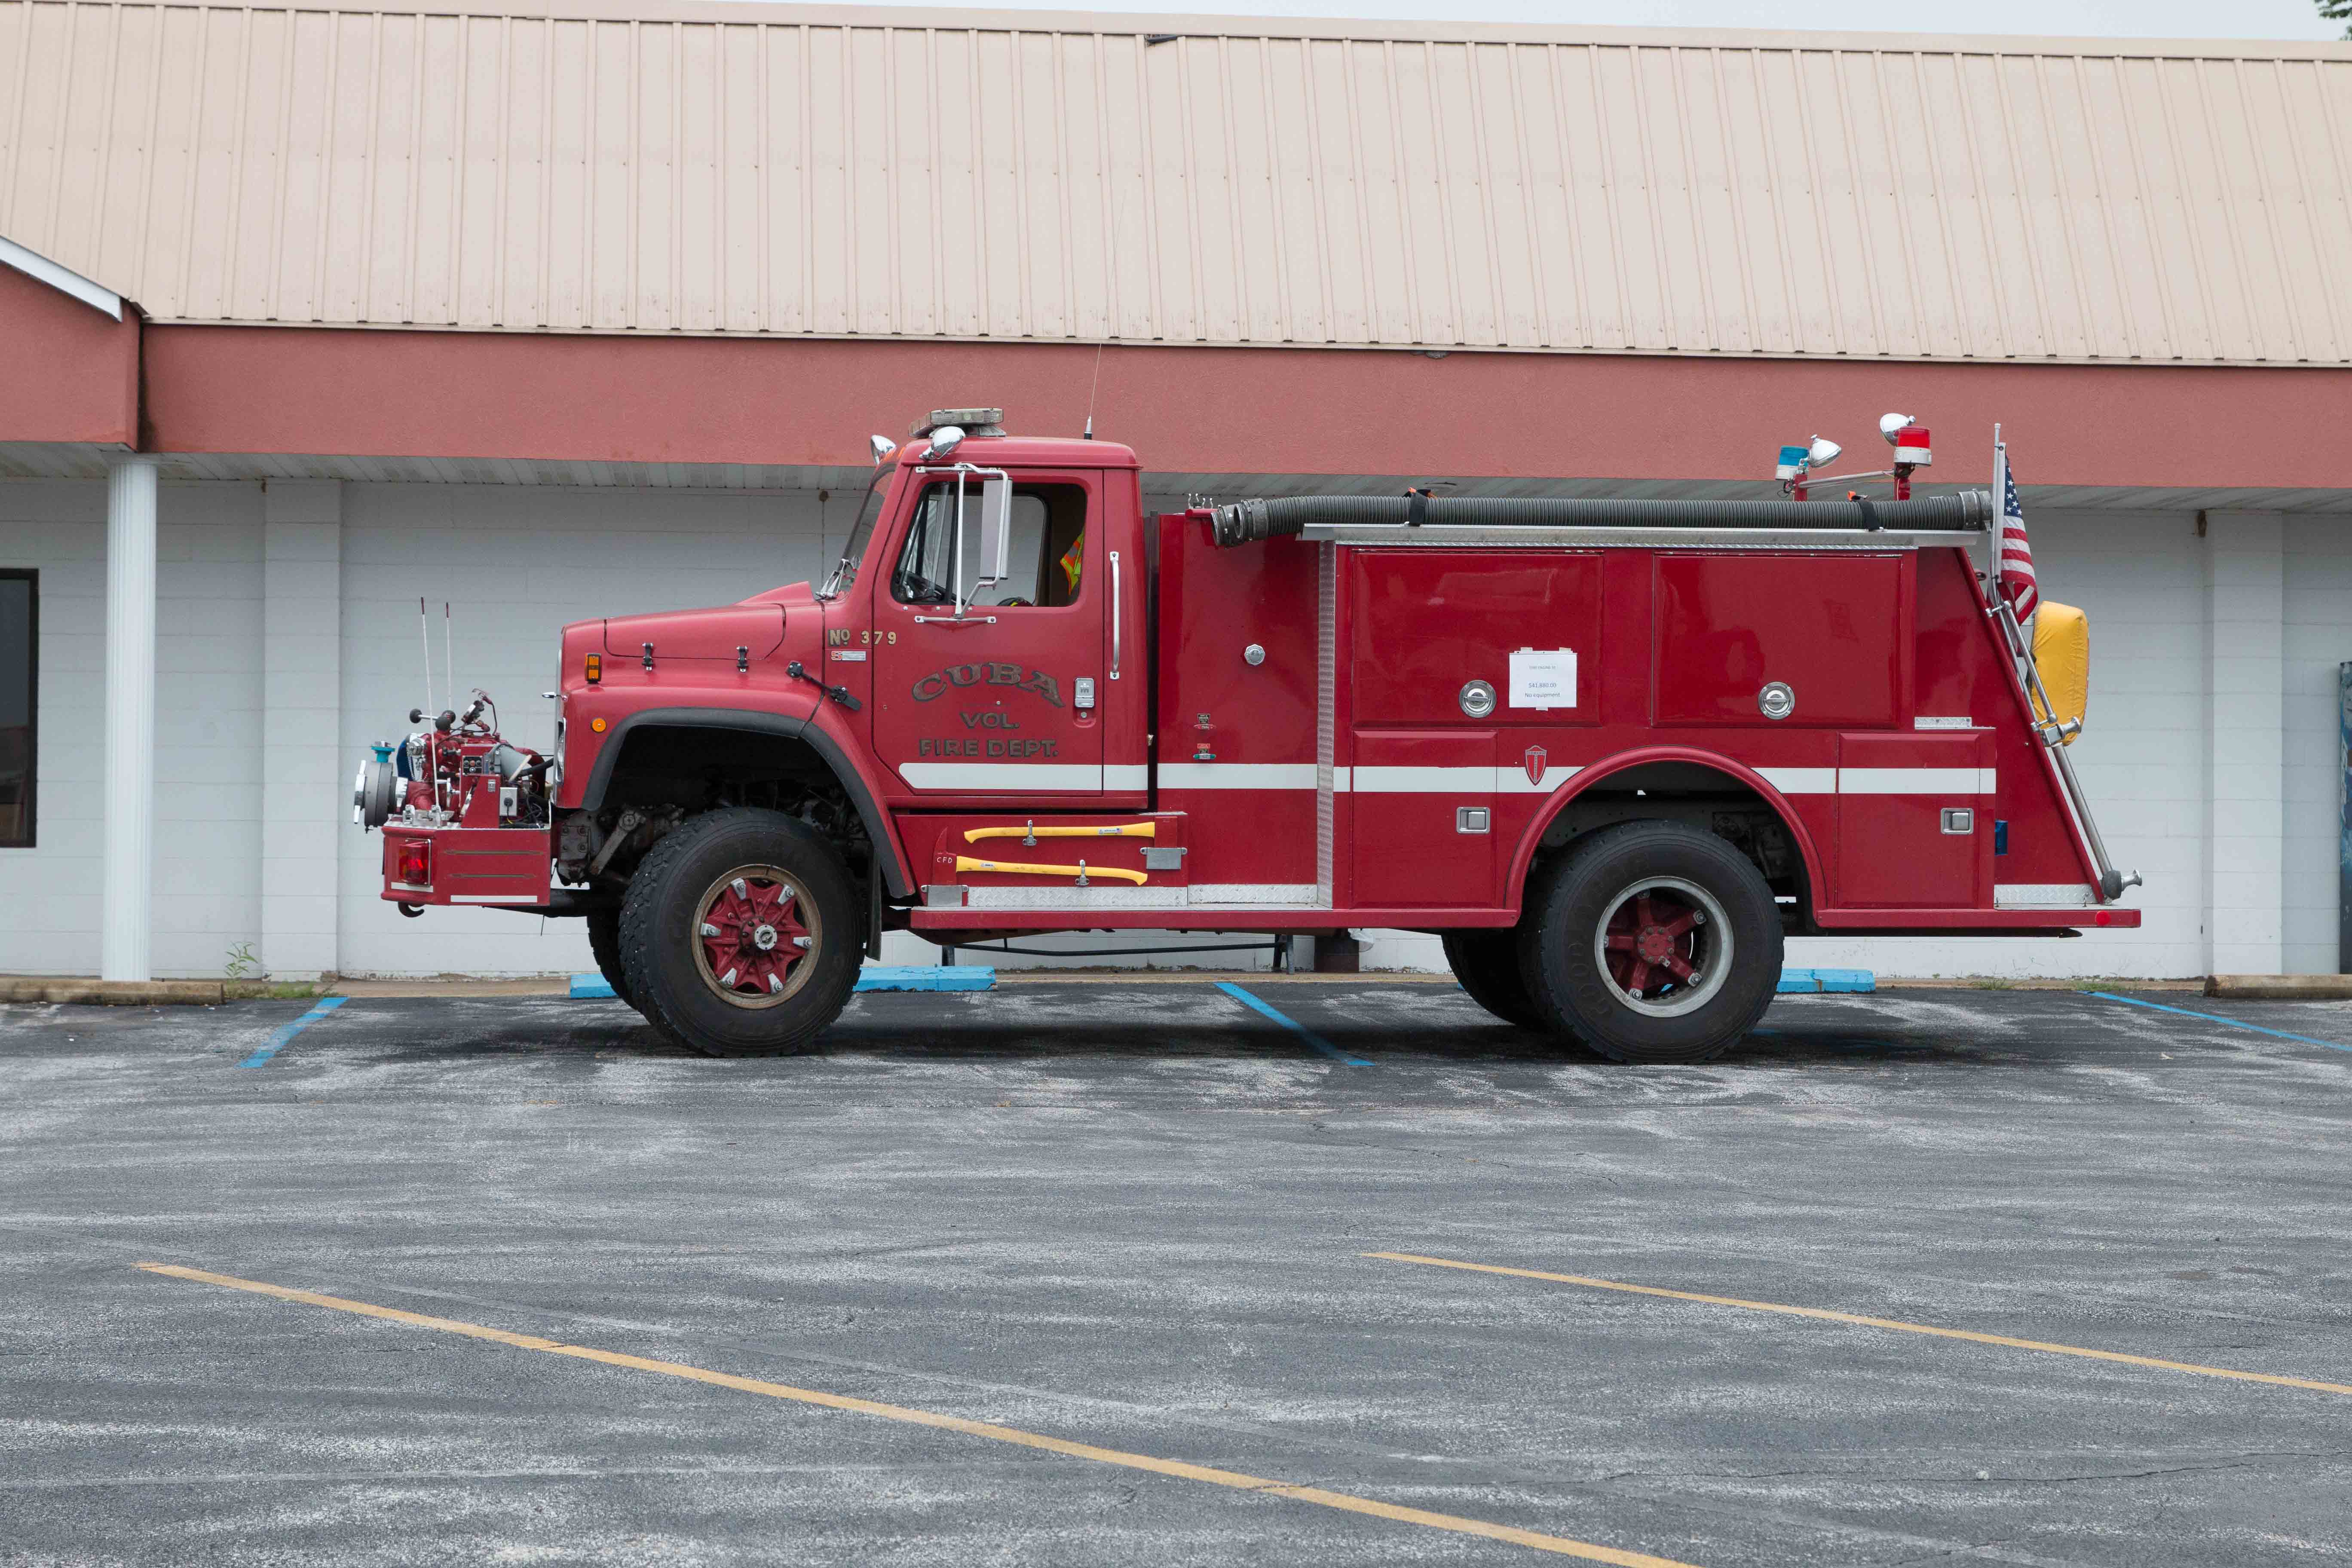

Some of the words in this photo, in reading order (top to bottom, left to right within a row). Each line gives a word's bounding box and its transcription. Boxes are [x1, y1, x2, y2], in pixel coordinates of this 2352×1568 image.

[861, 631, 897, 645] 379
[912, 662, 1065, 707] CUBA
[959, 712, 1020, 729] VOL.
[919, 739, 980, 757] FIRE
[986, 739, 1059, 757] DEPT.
|---|
> [Problem description]: In this exercise, set down all of the data exactly, without the pictures.

> [Written answer]:
Some of the words in this photo, in reading order (top to bottom, left to right within a row). Each line gives a word's bounding box and its transcription. Boxes are [x1, y1, x2, y2], in pixel coordinates of this 2352×1568 image.

[861, 631, 897, 645] 379
[912, 662, 1065, 707] CUBA
[959, 712, 1020, 729] VOL.
[919, 739, 980, 757] FIRE
[986, 739, 1059, 757] DEPT.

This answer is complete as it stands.